TL;DR, it worked for me with a couple of tweaks!
Here’s my experience with the updated vagrant config on github …

Directory Structure Setup. Vagrant_Leap directory right under the drive root, in this case D:
image

Execute the Vagrant File below the vagrant_env folder, i.e. vagrant up in that folder.

Machine provisioned, updated, etc. Then for good measure executed vagrant reload

Interestingly, still got the Guest Extension version mismatch:
image

In the run_kiwi.sh file (located in the vagrant_env folder on my host machine) I had to make one change to make it work:

In Line 10, I had to change the path from

REPO_DIR="rockstor-installer/"

To

REPO_DIR="/home/vagrant/rockstor-installer/"

image

Otherwise, the build would fail right away with “no such directory”

Also, in the Read me file, for windows users without bash, it states after vagrant up to run

vagrant ssh -c "cd /home/vagrant; /vagrant/run_kiwi.sh"

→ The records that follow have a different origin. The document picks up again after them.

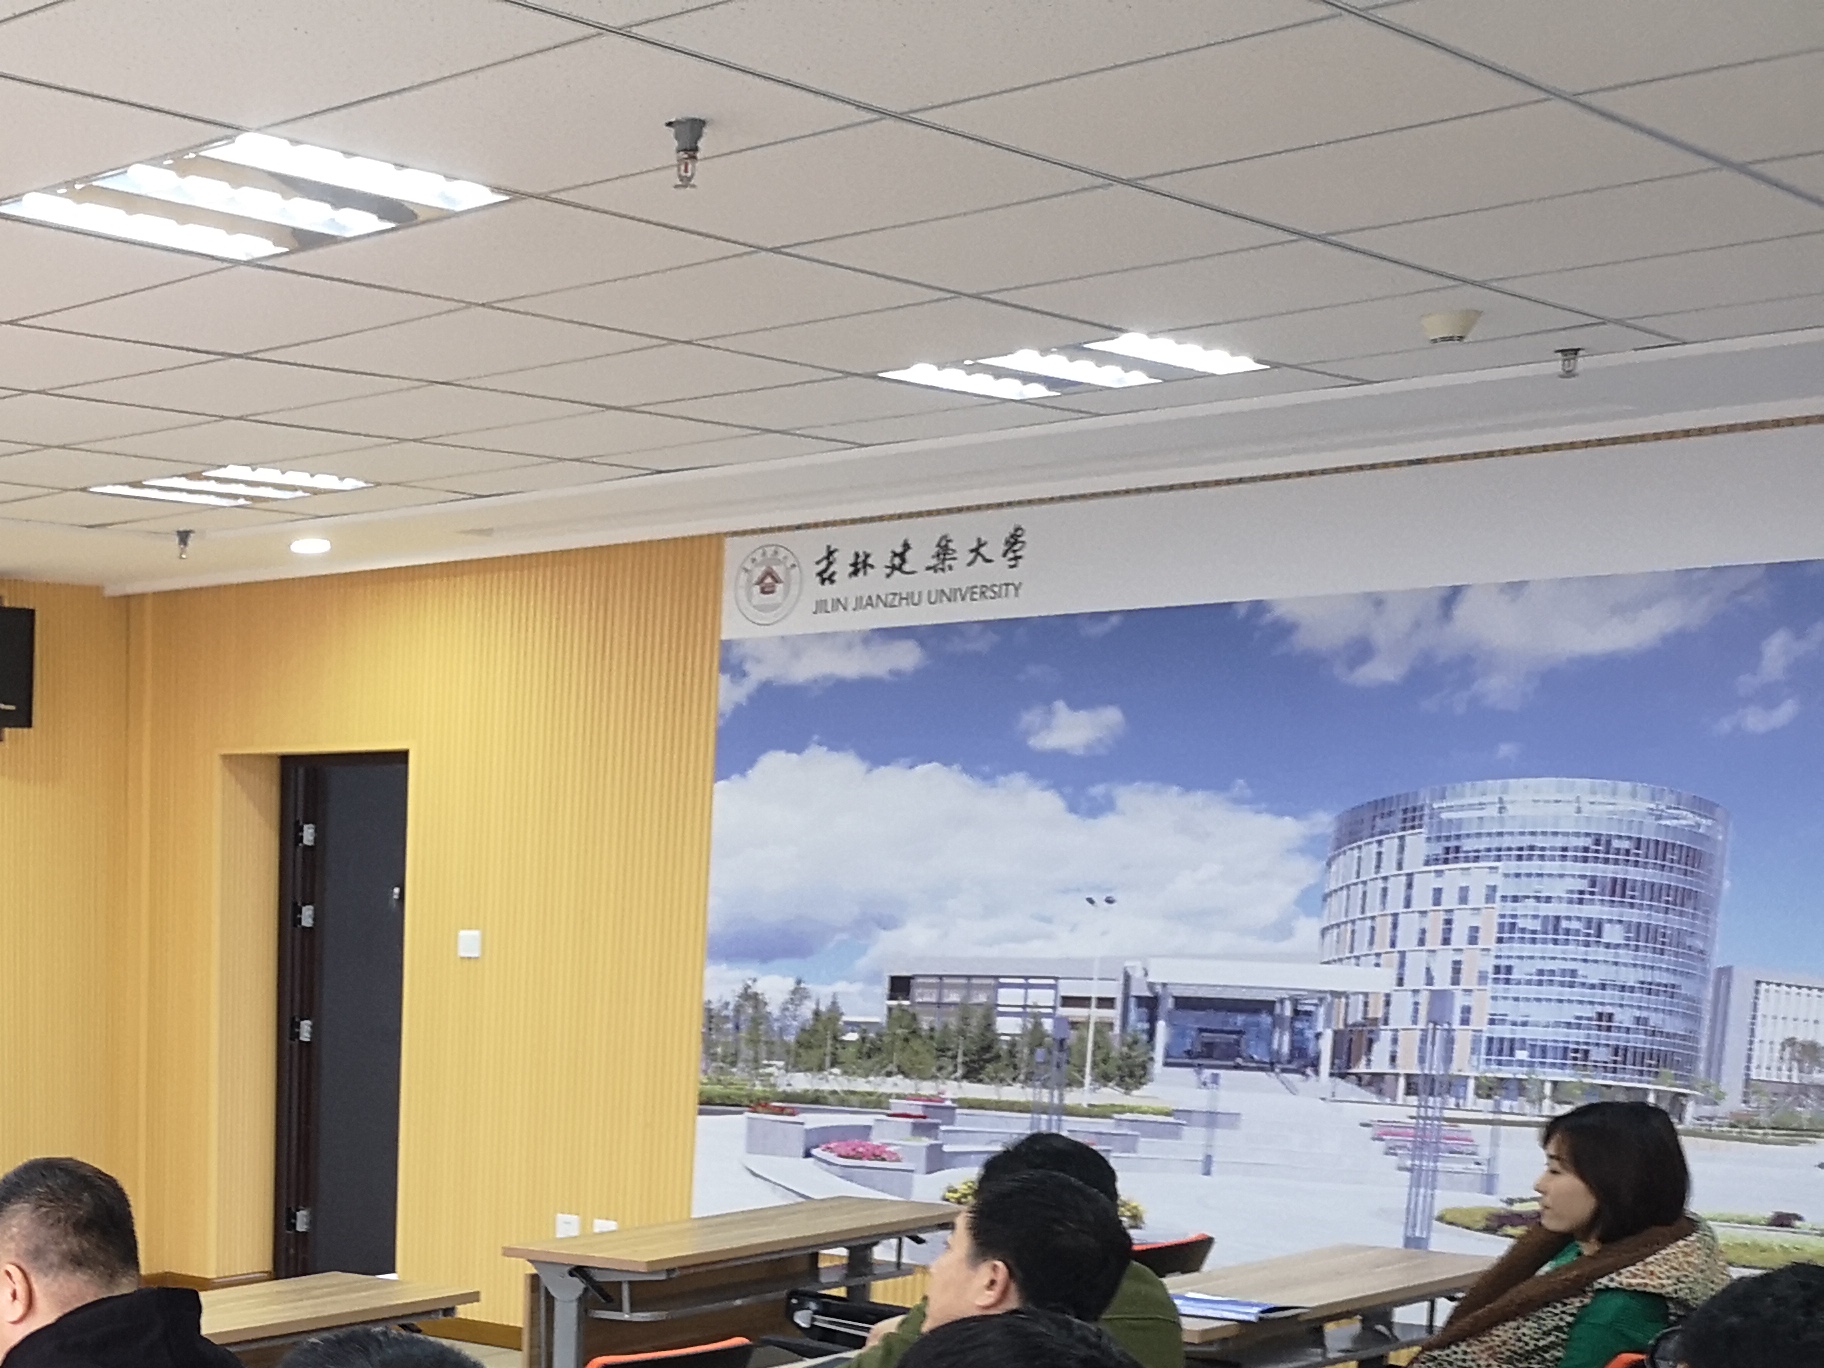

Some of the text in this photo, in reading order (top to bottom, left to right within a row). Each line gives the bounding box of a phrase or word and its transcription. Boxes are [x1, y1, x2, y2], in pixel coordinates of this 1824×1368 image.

[812, 581, 1023, 614] JILIN JIANZHU UNIVERSITY
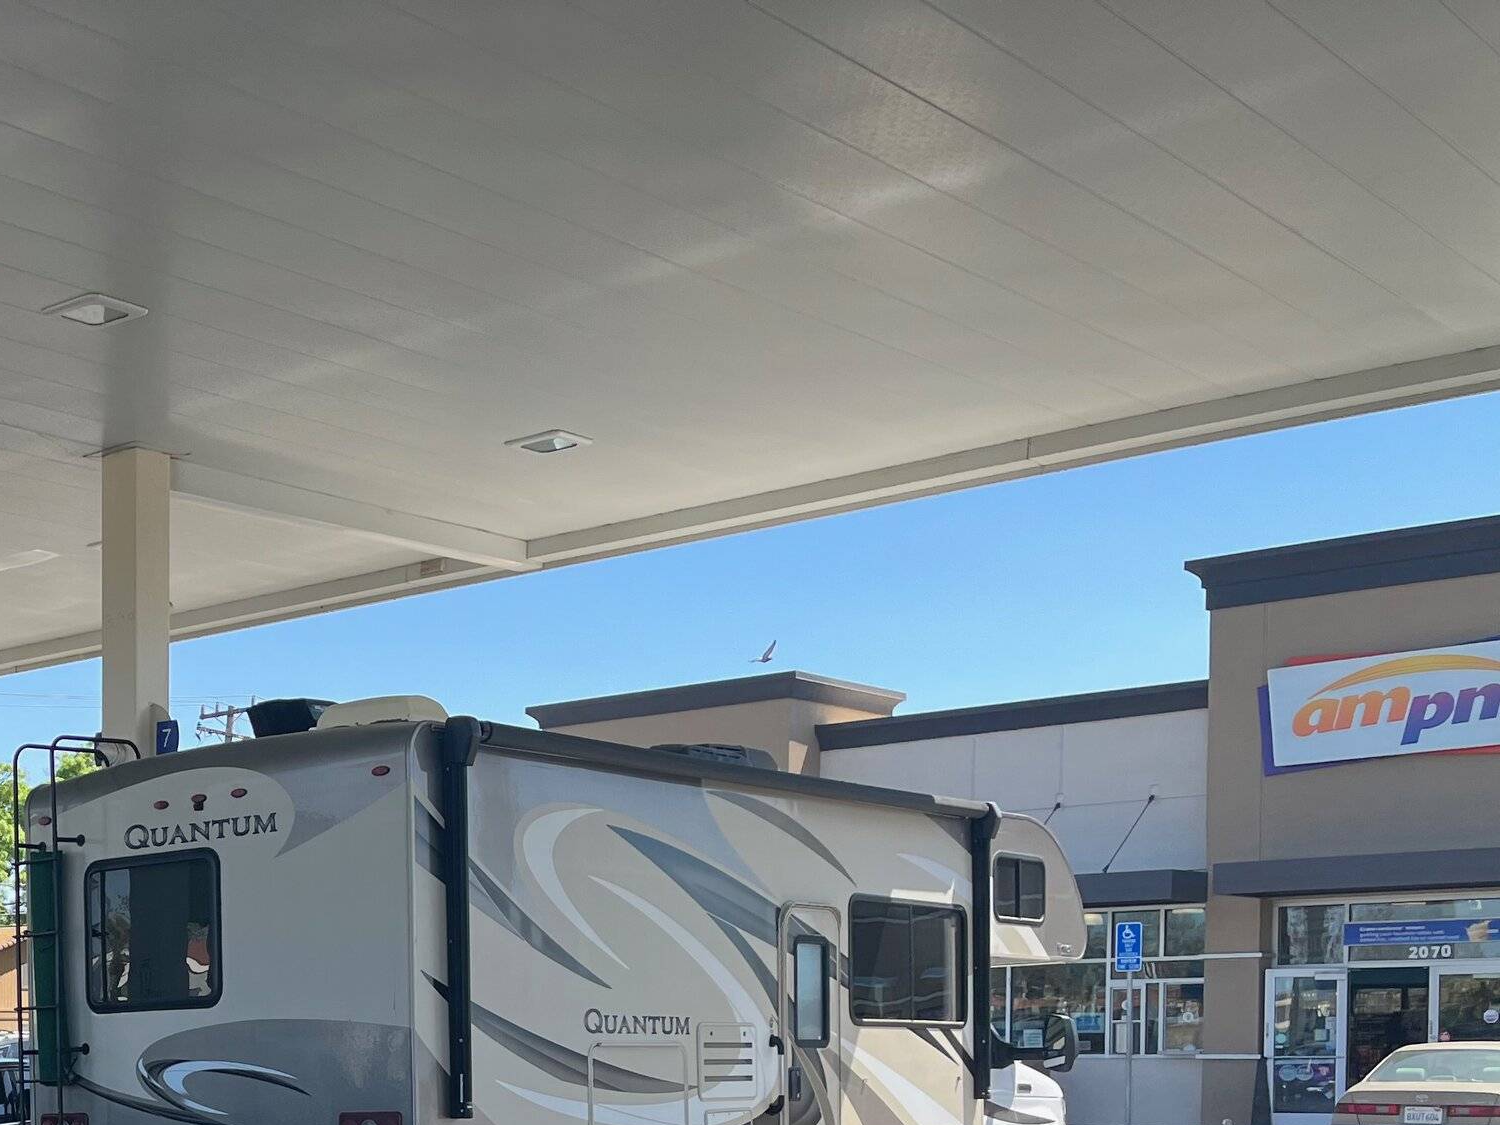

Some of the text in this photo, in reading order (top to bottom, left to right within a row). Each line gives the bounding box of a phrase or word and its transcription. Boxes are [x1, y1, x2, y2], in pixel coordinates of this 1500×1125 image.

[162, 728, 171, 748] 7
[124, 812, 278, 849] QUANTUM
[1408, 945, 1452, 959] 2070
[584, 1008, 690, 1035] QUANTUM
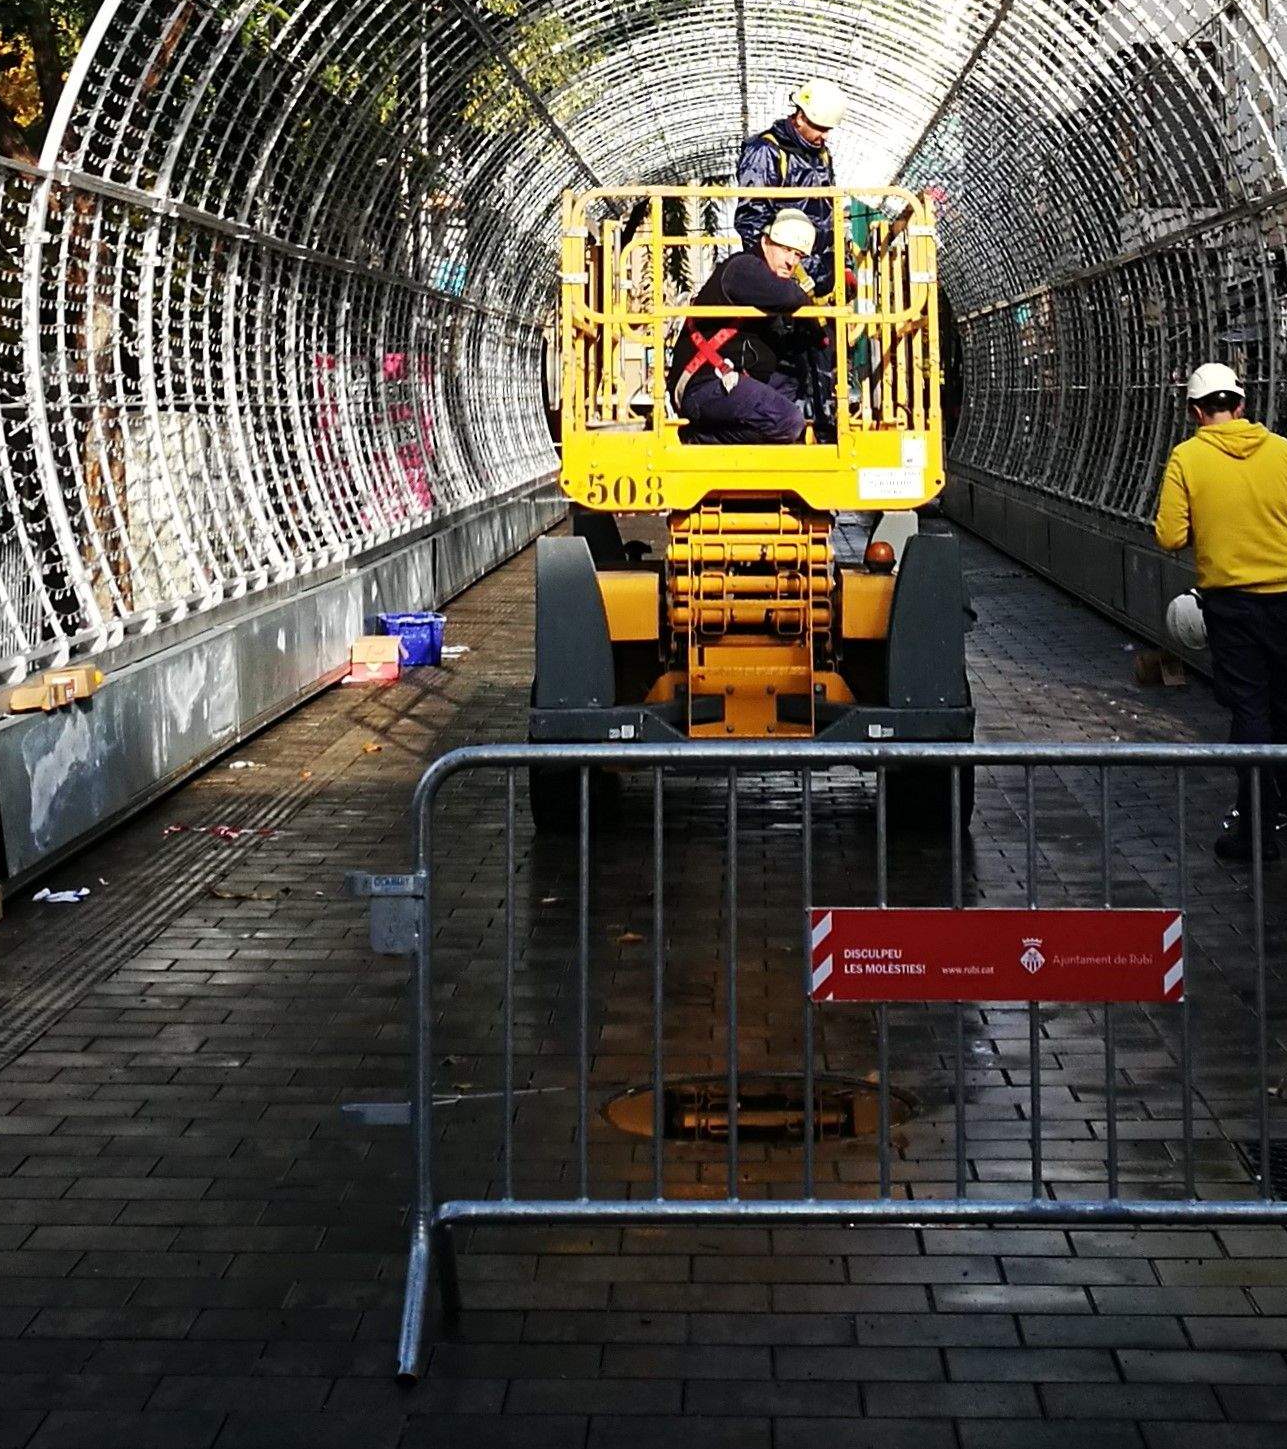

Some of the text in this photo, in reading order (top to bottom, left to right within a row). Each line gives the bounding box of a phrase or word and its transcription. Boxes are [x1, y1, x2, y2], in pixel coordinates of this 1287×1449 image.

[587, 473, 664, 507] 508
[844, 949, 902, 959] DISCULPEU
[1053, 954, 1111, 966] Ajuntament
[1113, 954, 1127, 965] de
[844, 964, 863, 974] LES
[941, 965, 994, 975] www.rubi.cat
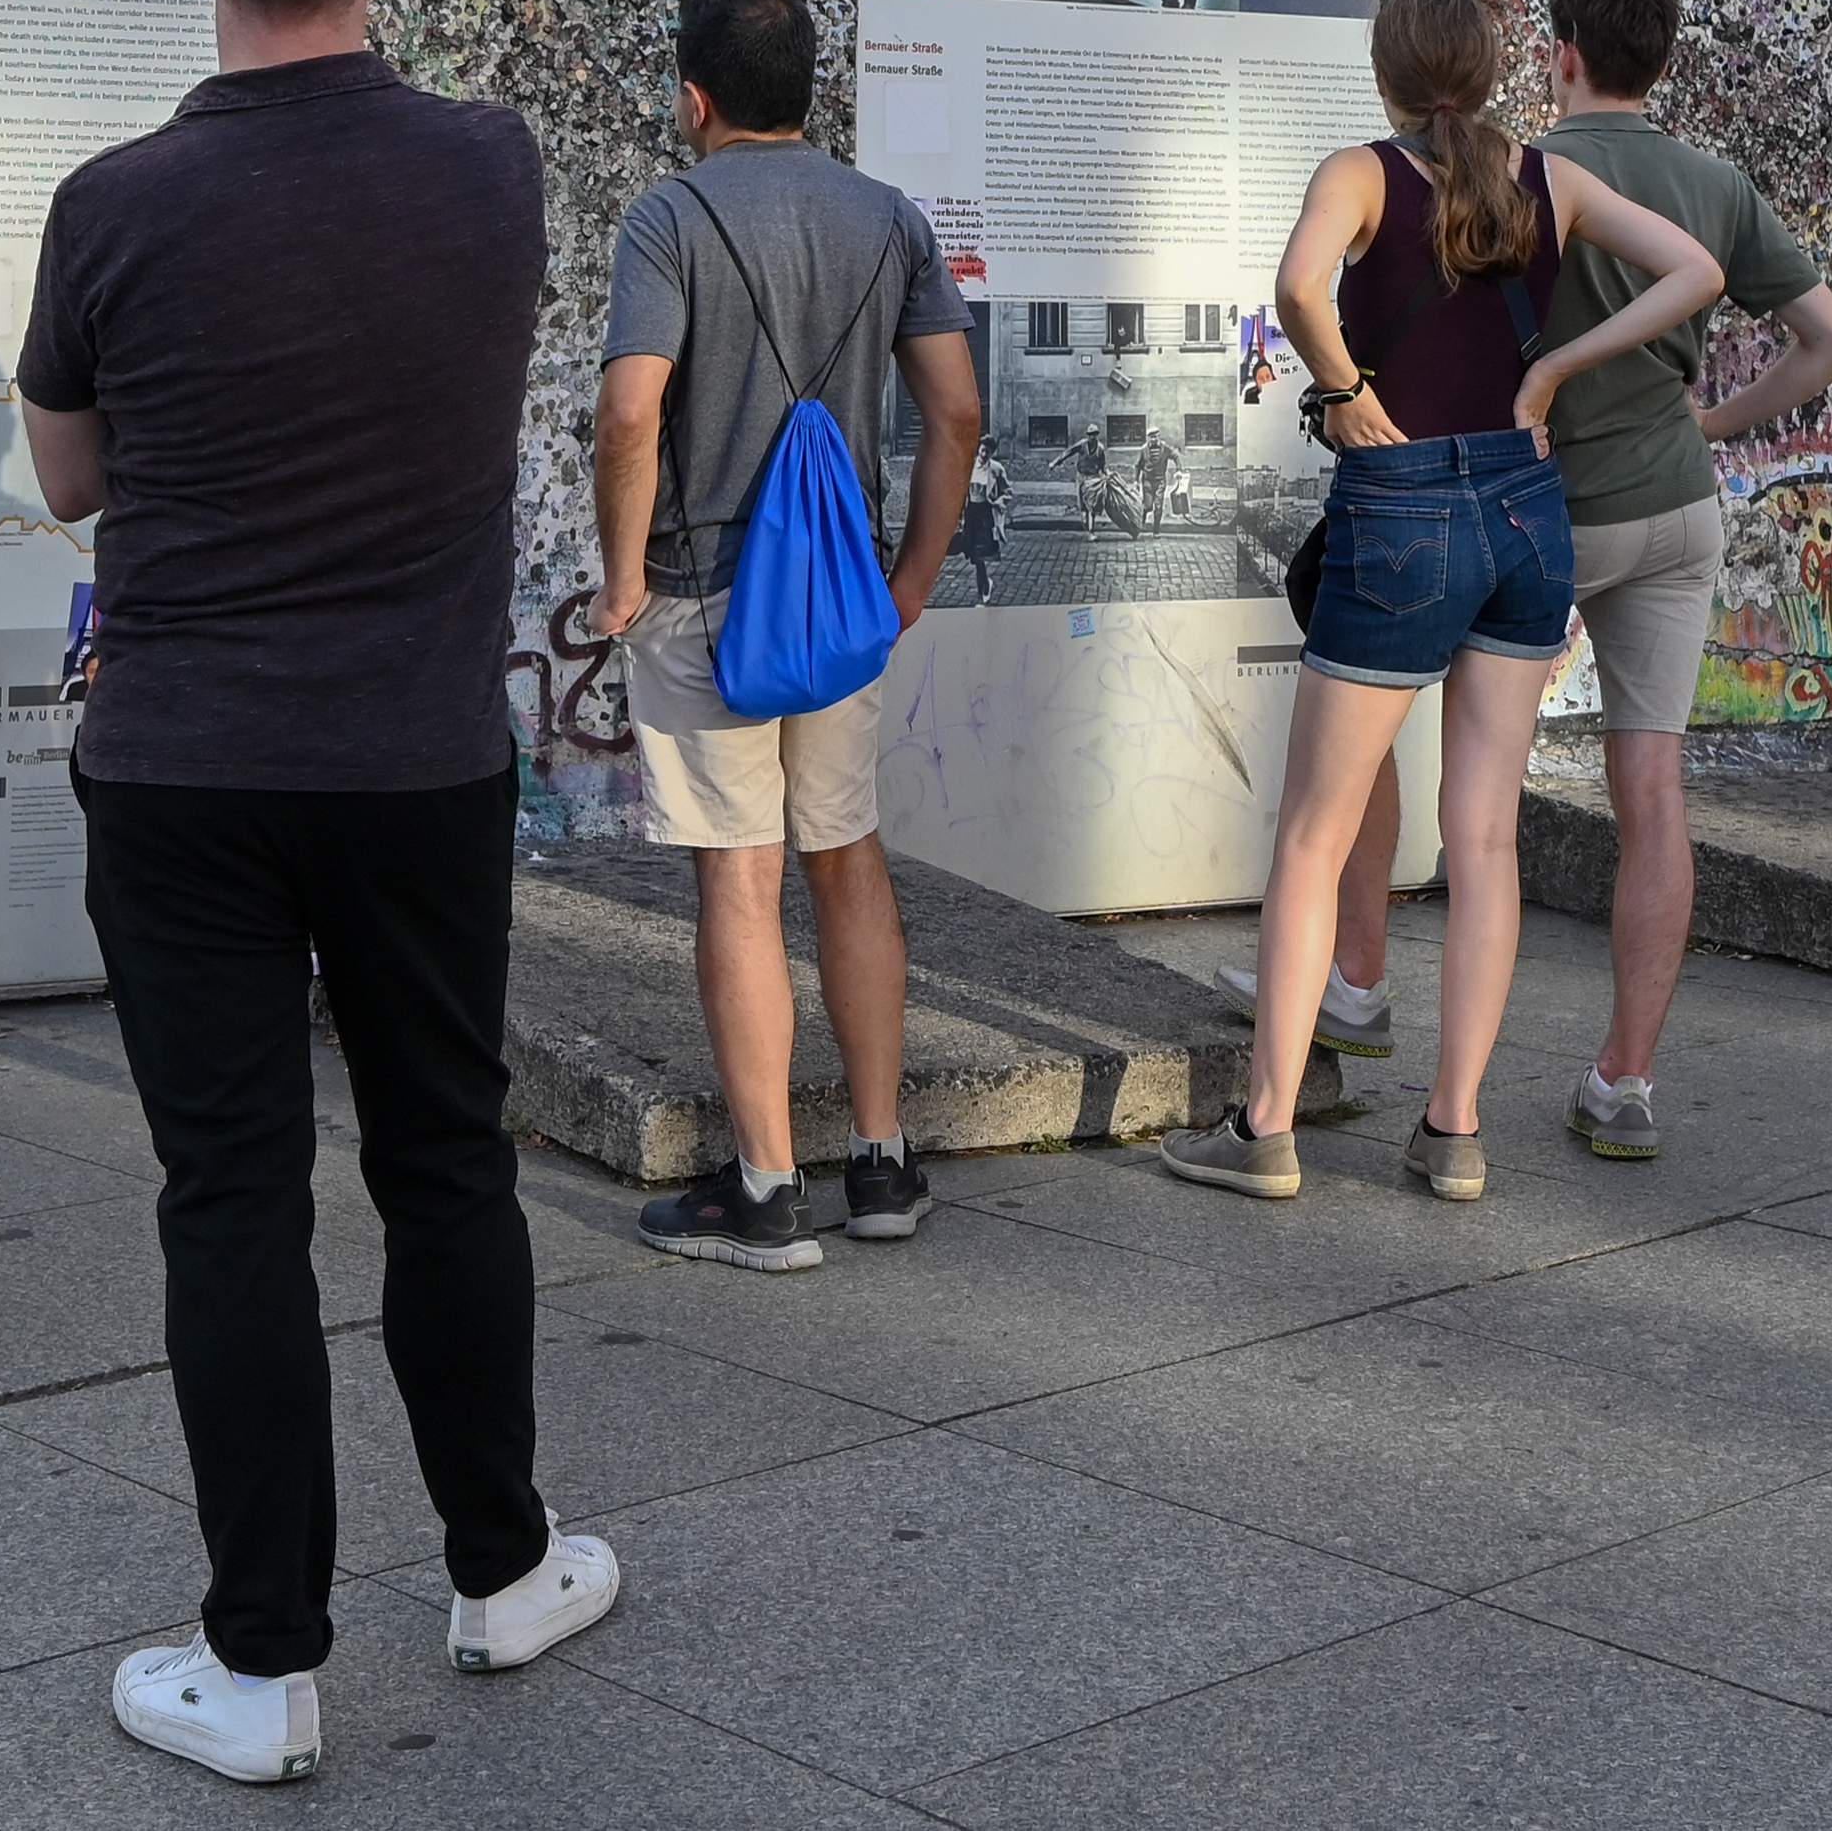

This failed for me. After a little investigation I found I only have the bin and rockstor-installer directory and nothing else in that path. So, I assumed I had to run it with this:

vagrant ssh -c "cd /home/vagrant/rockstor-installer/vagrant_env; ./run_kiwi.sh"

which then started working (takes a little bit, and appears to pause for a bit, but it’s processing …
image

I ended up with an iso in my shared folder on my local hard drive:
image
Loading the installation iso into a virtual machine, I was up and running within 10 minutes and able to connect to the WebUI:

image

I didn’t go any further, but am assuming at this time that all the major components work.

2 Likes

@mikemonkers Thanks for following all this up:

Good point, it’s likely only implied currently in the second line of the Howto section which reads:

Given our image target OS is exclusively openSUSE, a Leap 15.1 or 15.2 install is recommended as the host operating system.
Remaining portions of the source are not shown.